Maria Bonita 1 expulsou da cozinha, com vassouradas furiosas, um bando de galinhas que teimava em catar migalhas no chão de terra batida:

            – Plaft! Schlapt! Plaft! Schlapt!

            Irritadas, as galinhas bateram sonoras asas e fugiram em carreira desabalada para o sol a pino:

            – Cococoricoricoricocococoooooooó!

            Um cachorro velho, polvilhado de bernes e pulgas, que lambia distraído feridas velhas e novas, assustou-se com a gritaria e ergueu-se de um pulo:

            – Au! Au! Au! Au! Aughrrrraauuugh!

            Languidamente adormecido debaixo de frondosa mangueira, com as patas cruzadas diante do focinho, disparou um gato velozmente para os ramos mais altos da árvore, e de lá queixou-se amargamente:

            – Miauuu… Miauuuuu… Miaurauuuraarauuu…

            Alguns patos, que se banhavam em pequeno lago para refrescar as penas encardidas, embora a pouca água estivesse tão quente quanto a poeira e os vermes, continuaram no bem-bom, pouco se lixando para o vozerio de parentes e vizinhos:

            – Shlepcheeeé! Shlaapchaaaá! Shloopchoooó…

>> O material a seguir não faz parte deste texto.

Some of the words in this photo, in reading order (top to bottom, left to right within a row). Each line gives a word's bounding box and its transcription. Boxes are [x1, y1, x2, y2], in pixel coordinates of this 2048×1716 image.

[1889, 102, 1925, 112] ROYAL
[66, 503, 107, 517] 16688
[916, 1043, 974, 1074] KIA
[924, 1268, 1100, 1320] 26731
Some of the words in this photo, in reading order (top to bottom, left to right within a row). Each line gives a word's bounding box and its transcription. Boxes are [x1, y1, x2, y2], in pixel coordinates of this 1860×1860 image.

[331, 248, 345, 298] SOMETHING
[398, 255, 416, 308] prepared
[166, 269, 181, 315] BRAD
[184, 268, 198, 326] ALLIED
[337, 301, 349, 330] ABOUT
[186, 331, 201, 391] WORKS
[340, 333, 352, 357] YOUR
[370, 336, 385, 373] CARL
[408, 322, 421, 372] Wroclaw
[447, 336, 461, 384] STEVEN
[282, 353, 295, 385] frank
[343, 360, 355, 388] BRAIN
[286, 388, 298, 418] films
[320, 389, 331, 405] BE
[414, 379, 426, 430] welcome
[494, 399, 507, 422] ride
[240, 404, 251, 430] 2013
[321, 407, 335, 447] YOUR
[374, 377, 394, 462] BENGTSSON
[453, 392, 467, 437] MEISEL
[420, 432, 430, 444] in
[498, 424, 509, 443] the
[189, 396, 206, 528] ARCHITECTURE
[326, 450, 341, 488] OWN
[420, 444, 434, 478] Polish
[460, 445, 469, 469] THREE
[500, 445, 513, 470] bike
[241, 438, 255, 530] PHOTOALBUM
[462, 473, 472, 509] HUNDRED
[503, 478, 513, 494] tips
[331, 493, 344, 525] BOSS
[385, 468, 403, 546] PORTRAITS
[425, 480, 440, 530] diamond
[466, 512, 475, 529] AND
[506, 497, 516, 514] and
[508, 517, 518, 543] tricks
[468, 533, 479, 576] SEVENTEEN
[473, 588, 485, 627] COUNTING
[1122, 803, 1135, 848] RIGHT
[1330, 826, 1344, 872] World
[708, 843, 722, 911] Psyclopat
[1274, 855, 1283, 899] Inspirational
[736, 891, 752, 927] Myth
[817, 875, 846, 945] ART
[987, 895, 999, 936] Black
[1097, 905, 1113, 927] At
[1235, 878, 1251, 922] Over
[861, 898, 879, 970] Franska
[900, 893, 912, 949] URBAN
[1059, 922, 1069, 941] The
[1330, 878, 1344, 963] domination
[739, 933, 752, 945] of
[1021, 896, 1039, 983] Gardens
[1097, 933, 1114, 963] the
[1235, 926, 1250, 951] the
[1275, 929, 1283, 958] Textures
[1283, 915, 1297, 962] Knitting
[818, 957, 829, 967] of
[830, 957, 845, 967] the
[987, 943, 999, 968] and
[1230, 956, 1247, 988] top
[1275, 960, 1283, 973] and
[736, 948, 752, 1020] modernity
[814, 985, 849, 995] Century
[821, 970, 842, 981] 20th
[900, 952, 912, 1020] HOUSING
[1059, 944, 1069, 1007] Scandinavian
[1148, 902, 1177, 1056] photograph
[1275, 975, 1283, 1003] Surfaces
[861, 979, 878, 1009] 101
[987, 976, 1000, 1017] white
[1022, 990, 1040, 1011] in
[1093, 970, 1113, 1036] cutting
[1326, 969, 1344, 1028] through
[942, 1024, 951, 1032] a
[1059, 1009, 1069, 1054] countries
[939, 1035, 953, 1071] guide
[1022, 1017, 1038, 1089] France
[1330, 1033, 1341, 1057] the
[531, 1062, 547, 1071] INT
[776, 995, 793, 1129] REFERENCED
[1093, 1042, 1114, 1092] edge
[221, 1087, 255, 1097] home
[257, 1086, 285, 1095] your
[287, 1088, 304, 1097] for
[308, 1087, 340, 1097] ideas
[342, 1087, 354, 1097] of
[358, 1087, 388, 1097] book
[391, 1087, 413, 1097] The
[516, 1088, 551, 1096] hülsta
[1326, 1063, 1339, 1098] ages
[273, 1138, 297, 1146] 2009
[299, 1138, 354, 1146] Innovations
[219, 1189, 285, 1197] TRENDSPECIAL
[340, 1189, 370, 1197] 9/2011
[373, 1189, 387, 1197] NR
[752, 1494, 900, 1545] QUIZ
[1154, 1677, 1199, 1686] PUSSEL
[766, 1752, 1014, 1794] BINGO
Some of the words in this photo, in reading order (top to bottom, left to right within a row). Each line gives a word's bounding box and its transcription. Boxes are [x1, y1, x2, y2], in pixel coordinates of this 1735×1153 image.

            A porteira rangeu – heieieieim, heeeeiieeim, heiieieieim… – e pelo espaço entreaberto passou um homem sujo, magro, de ar simpático, simplório e finório, cujo cinturão exibia, de um lado, pesado revólver de cano longo; do outro, comprida peixeira enferrujada por infinitos labores; entre ambos, de cabeça para baixo, dezenas de cartuchos de calibre grosso. Na cabeça, brilhavam luas, sóis e estrelas no chapelão ensebado. Debaixo do bigode fino e acima da barbicha rala, um desses ambíguos sorrisos tímidos e arrogantes e cruéis e expectantes e lascivos e mórbidos e generosos e assustadores e amorosos. Nas mãos, enorme ramo dessas flores que brotam, contra tudo e contra todos, na beira das estradas e no coração das pedras.

            – Lampião, meu amorzinho! 2

            Na porta da cozinha sorria uma feliz Maria, enxugando as mãos avermelhadas no avental de chita tão vermelha quanto os lábios que sorriam e que Lampião estava louco para mordiscar, depois de tantos dias degolando e esfolando 3.

 

**********

 

            1. Meu Deus, como é bonita! Sinto-me capaz de fazer um escândalo, pensava Rubião, à noite, ao canto de uma janela, de costas para fora, olhando para Sofia, que olhava para ele.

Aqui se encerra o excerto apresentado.